Roshi Philip Kapleau's A Buddhist Case for Vegetarianism
"picks a bone" with the faithful who eat animals without blame or guilt.
Dharma heir Bodhin Kjolhede laments how these Buddhists are merely masking
their true motivation "with the pleasing fragrance of such Buddhist
concepts as 'non-attachment'. . . it is sad to see how many American
Buddhists are managing to find a self-satisfying accommodation to eating
meat." Sagaramati wonders how a self-respecting Buddhist can practice
the teachings of Buddha by endeavoring to become kinder and more compassionate
to all beings, and yet deny an ethical connection between the unkind
and decidedly non-compassionate treatment of animals and the corpse
on one's plate.
Looking
for Ahimsa
It all comes down to a simple question of need versus
desire. Let's put aside for a moment the assertion that all things being
equal, "a carrot is the equivalent of a cow." Let's forget for a moment
all this stuff about attachment and non-attachment, transcendence of
guilt, and purity of intention, and think for a moment about those least
able to speak up for and defend themselves -- the attachees! If one
can honestly do without, do without! Being vegetarian palpably helps
to reduce pain and suffering in the world.

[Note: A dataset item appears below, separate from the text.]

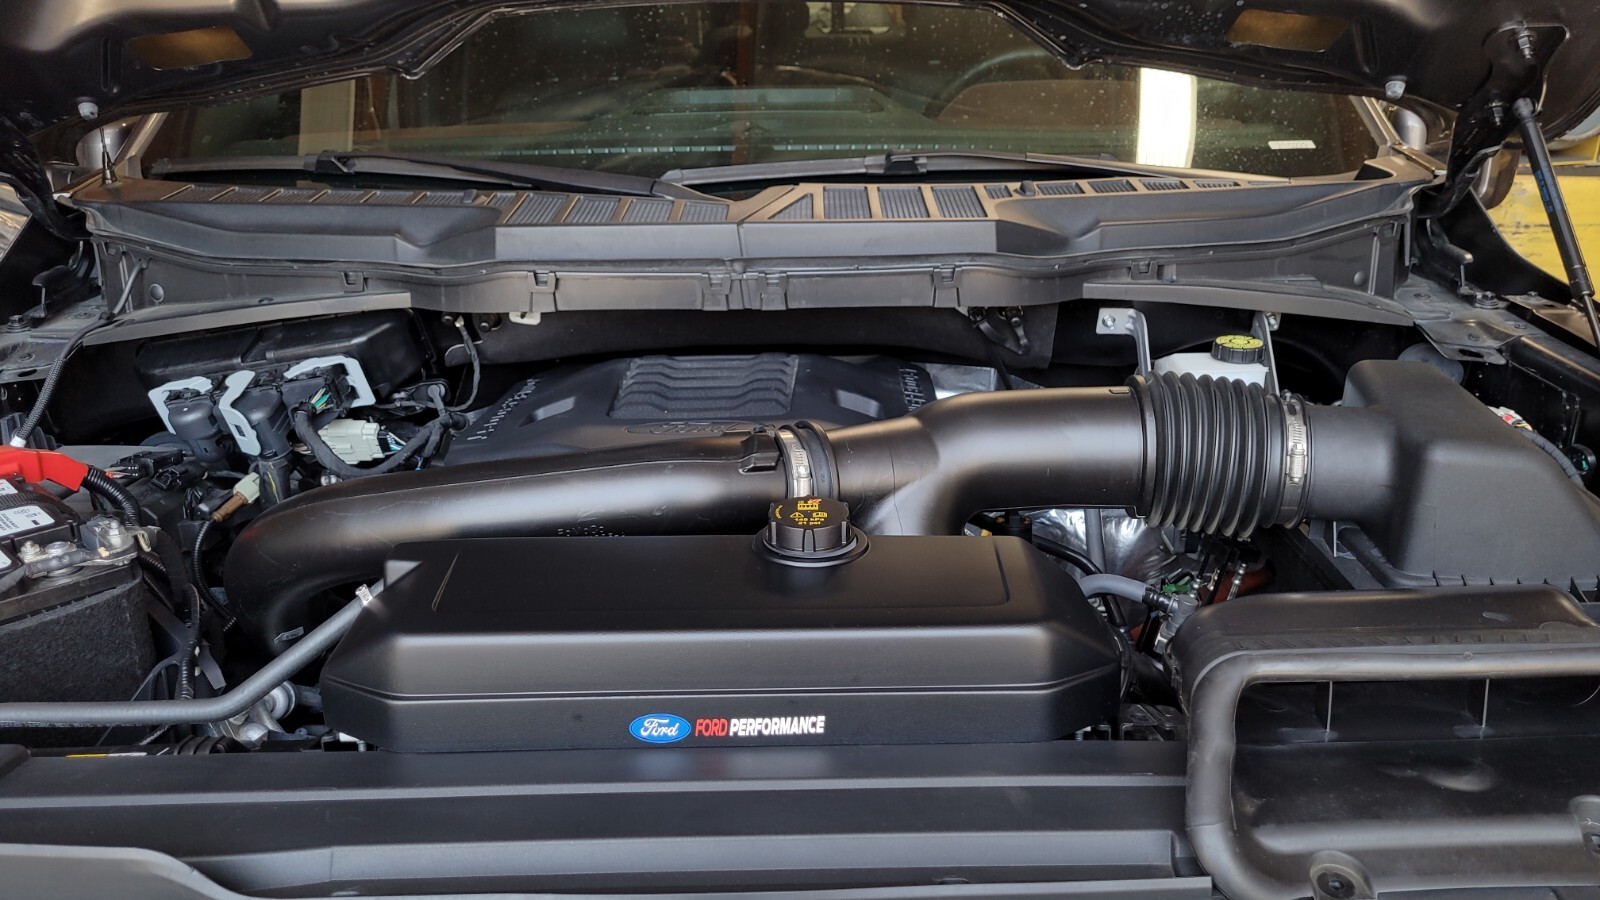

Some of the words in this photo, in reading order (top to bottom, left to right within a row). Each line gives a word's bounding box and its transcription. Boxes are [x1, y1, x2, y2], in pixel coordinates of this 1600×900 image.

Some argue that eating animals is excusable because
to worry and fuss too much about it all is --to be attached -- to straitjacket
world views. Other defenders wave off innumerable harmful consequences
of a flesh diet by couching the issue in a liturgical context, making
it an exercise of attitude, discipline and questioning practice, instead
of moral behavior. Well, something fails to compute here. Where is ahimsa,
the non-violent ethic of least harm in a Buddhist's daily life? Purification
of the mind and heart is the essence of the Buddhist journey to Nirvana.
As one becomes less and less attached to earthly
misery and suffering, one ultimately comes to accept all things as equally
worthy of supreme love and compassion. This noble, if highly abstract
ideal, fails to address the concrete, solid, material world in which
most of us dwell. What of rampant hatred and murder, violence and injustice?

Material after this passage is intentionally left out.